2014-09-18 Thread Jey Kottalam
Hi Aris,

A simple approach to gaining some of the benefits of an RBF kernel is
to add synthetic features to your training set. For example, if your
original data consists of 3-dimensional vectors [x, y, z], you could
compute a new 9-dimensional feature vector containing [x, y, z, x^2,
y^2, z^2, xy, xz, y*z].

This basic idea can be taken much further:
  1. http://www.eecs.berkeley.edu/~brecht/papers/07.rah.rec.nips.pdf
  2. http://arxiv.org/pdf/1109.4603.pdf

Hope that helps,
-Jey

On Thu, Sep 18, 2014 at 11:10 AM, Aris arisofala...@gmail.com wrote:
 Sorry to bother you guys, but does anybody have any ideas about the status
 of MLlib with a Radial Basis Function kernel for SVM?

 Thank you!

 On Tue, Sep 16, 2014 at 3:27 PM, Aris  wrote:

 Hello Spark Community -

 I am using the support vector machine / SVM implementation in MLlib with
 the standard linear kernel; however, I noticed in the Spark documentation
 for StandardScaler is *specifically* mentions that SVMs which use the RBF
 kernel work really well when you have standardized data...

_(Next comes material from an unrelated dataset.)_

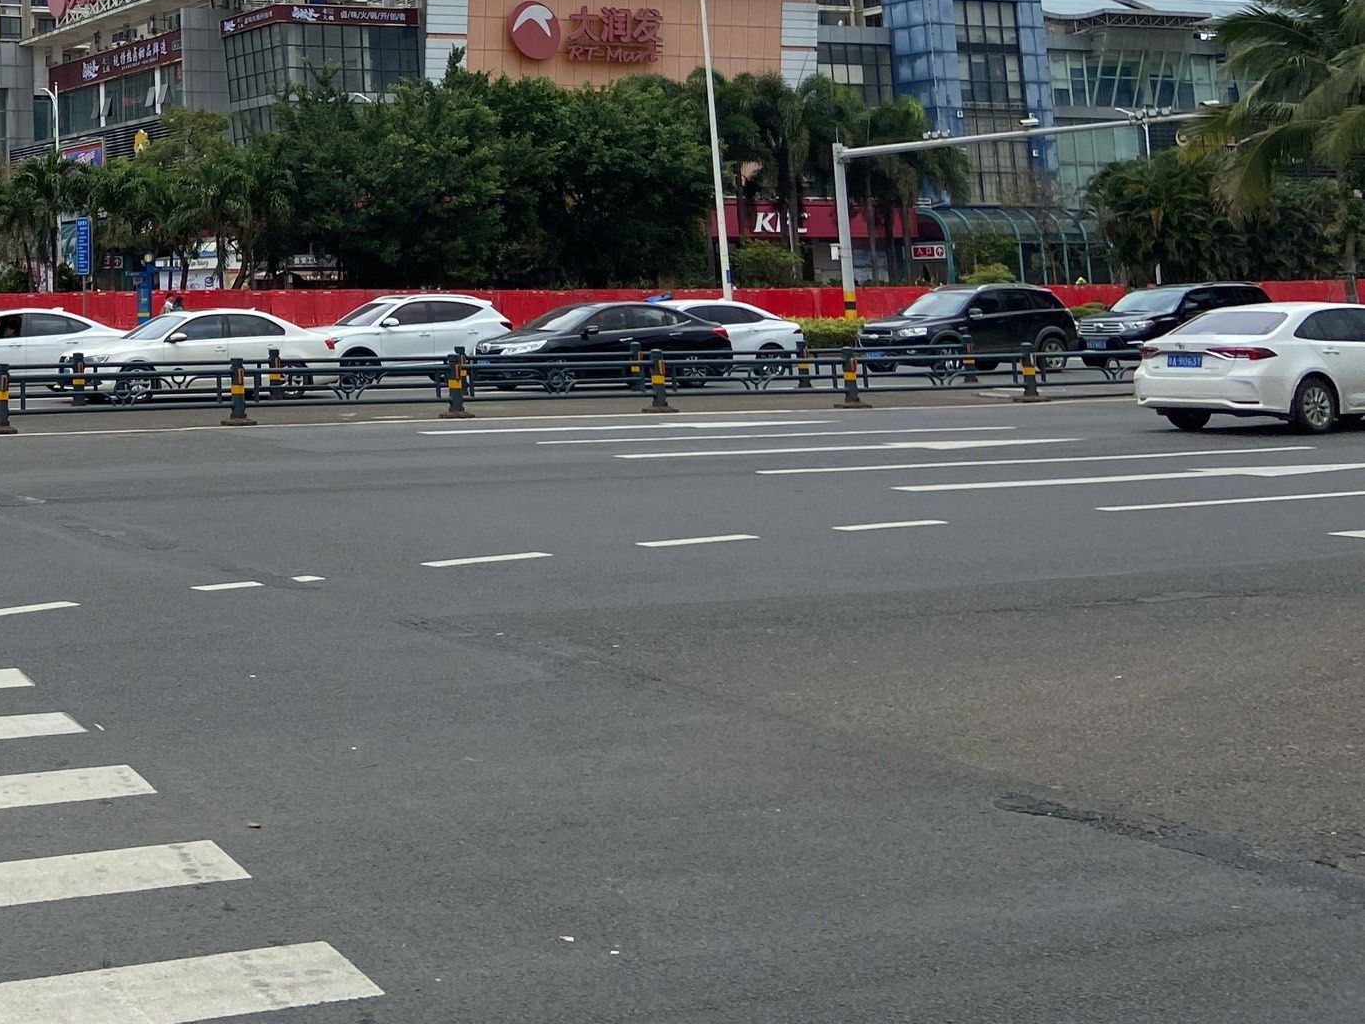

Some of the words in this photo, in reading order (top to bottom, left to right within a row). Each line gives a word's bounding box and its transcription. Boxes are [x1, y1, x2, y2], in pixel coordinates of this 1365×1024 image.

[567, 5, 663, 44] 大润发
[567, 45, 660, 64] RT-Mart

 which begs the question, is there some kind of support for RBF kernels
 rather than linear kernels? In small data tests using R the RBF kernel
 worked really well, and linear kernel never converged...so I would really
 like to use RBF.

 Thank you folks for any help!

 Aris



-
To unsubscribe, e-mail: user-unsubscr...@spark.apache.org
For additional commands, e-mail: user-h...@spark.apache.org



Re: MLlib - Possible to use SVM with Radial Basis Function kernel rather than Linear Kernel?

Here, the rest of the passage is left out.